In service-oriented environments, web services share data more widely and rapidly than ever before. If that data isn't accurate, it can powerfully impact larger areas of the enterprise than ever before. It's easier than ever for incorrect data to trigger inappropriate actions, prevent urgent actions from being taken, disrupt customer transactions and relationships, generate compliance problems, and damage business performance. Viral Data in SOA offers a comprehensive blueprint for ensuring the reliability of data in today's SOA environments. It explores the subject from four critical perspectives:
Data management and governance.
Understanding data quality through observation.

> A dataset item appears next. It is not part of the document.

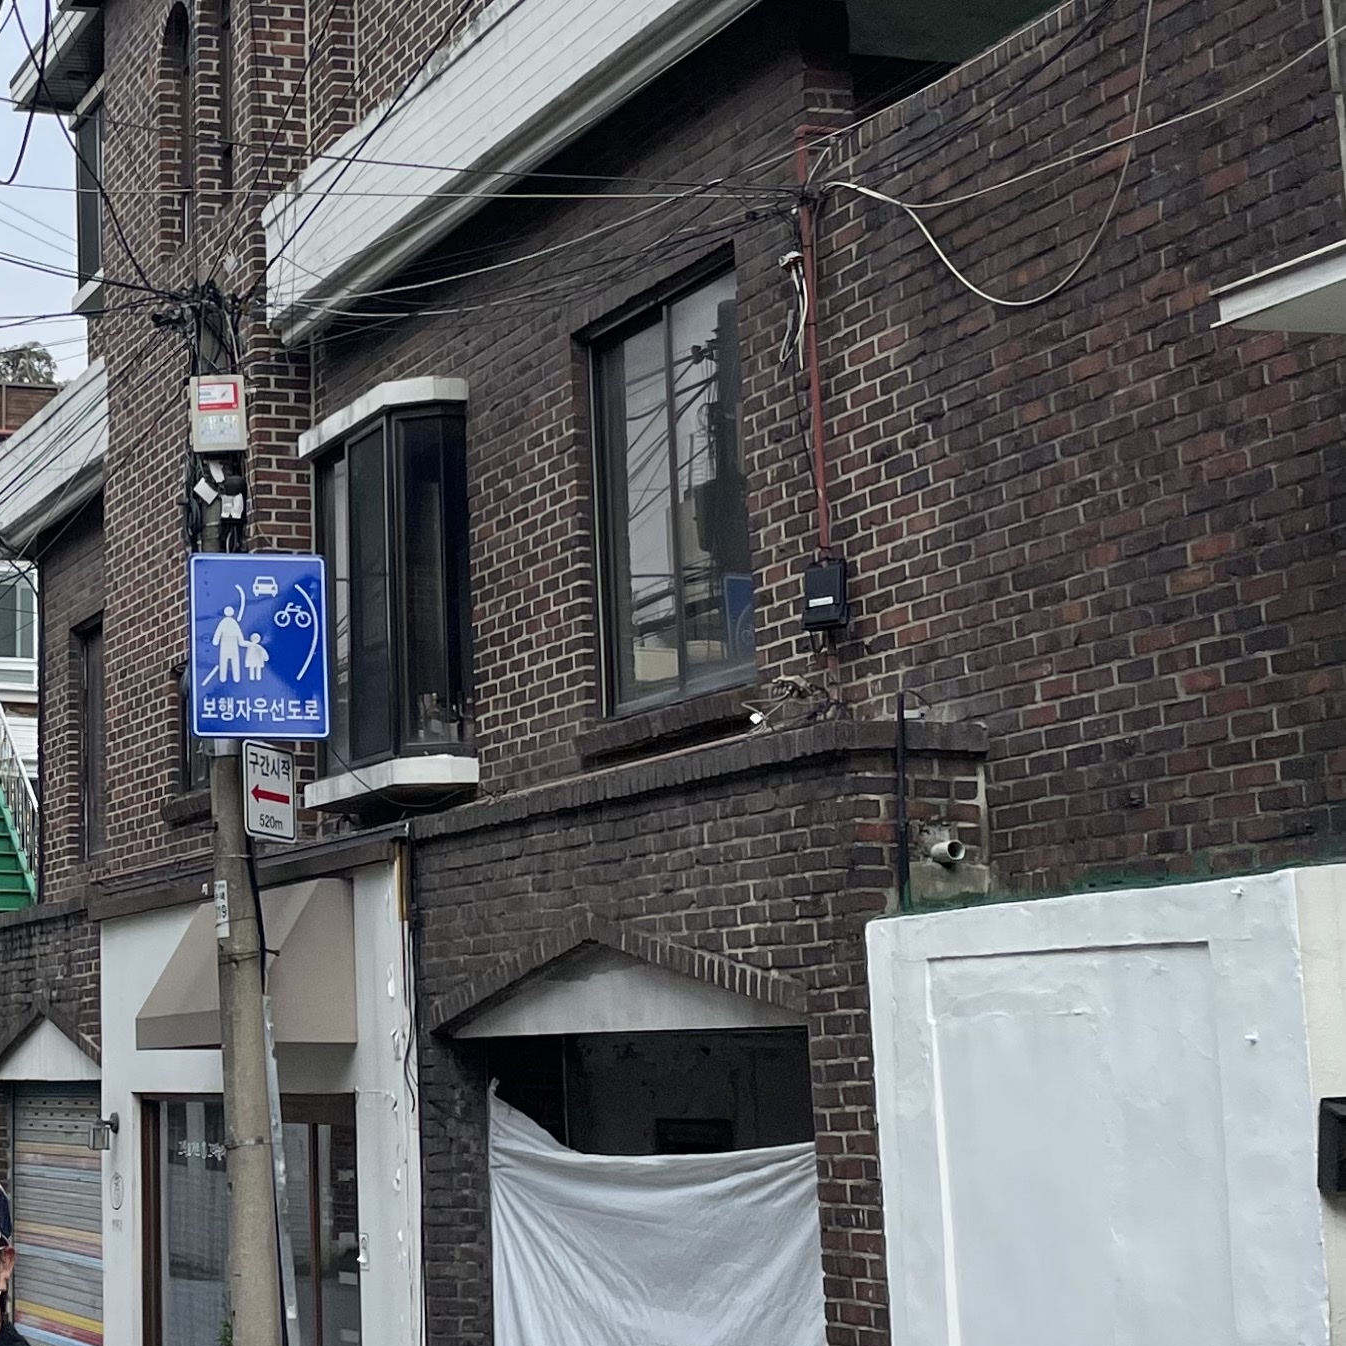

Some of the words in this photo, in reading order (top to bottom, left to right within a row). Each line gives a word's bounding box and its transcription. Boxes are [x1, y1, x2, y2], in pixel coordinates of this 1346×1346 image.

[201, 696, 321, 722] 보행자우선도로
[249, 752, 291, 782] 구간시작
[259, 813, 284, 830] 520m

Sustaining data quality through conditioning.
Evaluating data quality for learning and optimization.
The author presents key concepts in the context of a 'journey': a story that will help business and technical practitioners identify the unique challenges of data quality in their own SOA environments, and implement solutions that work. As they follow this journey, readers will discover how to think about data quality issues on a risk/reward basis... why effective data governance is so important, and how to achieve it... how to assess data quality 'pre-flight, in-flight, and post-flight'... how to overcome the inevitable 'decay' in business, system, reference, and 'meta' data... and, last but not least, how to actually drive a data quality initiative that succeeds.